Suresh Tendulkar was an outstanding academician with a truly enviable publication record. He authored two major books – Reintegrating India with the World Economy, with T N Srinivasan, and Understanding Reforms Post-1991 India, with T A Bhavani. Suresh also wrote close to 100 research papers and reports. These covered a wide range of subjects from “Press as a Public Utility” (New Quest, March-April 1983) to “An Approach towards Integrating Large and Small Scale Surveys” in the Pranab Bardhanedited 1989 volume Conversations between Economists and Anthropologists: Methodological Issues in Measuring Economic Change in Rural India. Our journey as co-authors began with a piece on “Prospects for Industrial Growth in Sixth Plan” in 1983, followed by “Approach to the Seventh Plan: An Appraisal” (1984), both in the Economic Times.

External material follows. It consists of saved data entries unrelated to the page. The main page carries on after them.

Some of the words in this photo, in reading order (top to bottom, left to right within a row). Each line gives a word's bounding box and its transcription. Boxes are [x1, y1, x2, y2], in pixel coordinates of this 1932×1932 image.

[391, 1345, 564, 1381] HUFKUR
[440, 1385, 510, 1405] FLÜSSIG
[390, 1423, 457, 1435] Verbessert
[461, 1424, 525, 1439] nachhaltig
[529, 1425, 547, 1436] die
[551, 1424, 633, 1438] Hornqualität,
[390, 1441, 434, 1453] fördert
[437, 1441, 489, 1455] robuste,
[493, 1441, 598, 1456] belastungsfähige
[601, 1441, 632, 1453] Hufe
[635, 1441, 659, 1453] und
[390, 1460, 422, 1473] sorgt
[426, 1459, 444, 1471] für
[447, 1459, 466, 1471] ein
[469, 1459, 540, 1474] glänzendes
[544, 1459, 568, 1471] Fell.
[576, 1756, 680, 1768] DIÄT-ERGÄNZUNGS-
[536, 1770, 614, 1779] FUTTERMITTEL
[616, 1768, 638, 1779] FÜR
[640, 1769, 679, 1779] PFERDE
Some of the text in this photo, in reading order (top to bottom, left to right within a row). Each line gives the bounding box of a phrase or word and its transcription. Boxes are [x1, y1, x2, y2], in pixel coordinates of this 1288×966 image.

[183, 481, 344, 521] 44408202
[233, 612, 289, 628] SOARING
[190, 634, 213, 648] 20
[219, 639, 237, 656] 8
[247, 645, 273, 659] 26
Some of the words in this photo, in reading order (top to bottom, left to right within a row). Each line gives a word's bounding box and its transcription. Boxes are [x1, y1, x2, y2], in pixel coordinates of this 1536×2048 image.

It would, however, be fair to say that the measurement and analysis of living standards in India, with a focus on inequality and poverty, was the dominant theme of his academic work. Suresh wrote a series of papers with L R Jain on the “Inter-temporal and Inter-fractile Group Movements in Real Level of Living for Rural and Urban Population of India”, the “Role of Growth and Distribution in the Observed Changes in Head Count Ratio Measure of Poverty” and “An Analysis of Inter-state and Inter-commodity-Group Rural-Urban Consumer Price Indices in India: 1983 to 1988-89”. With B S Minhas as an additional co-author, Jain and Suresh also wrote “Rural and Urban Cost of Living: 1983 to 1987-88, State-wise and All-India”.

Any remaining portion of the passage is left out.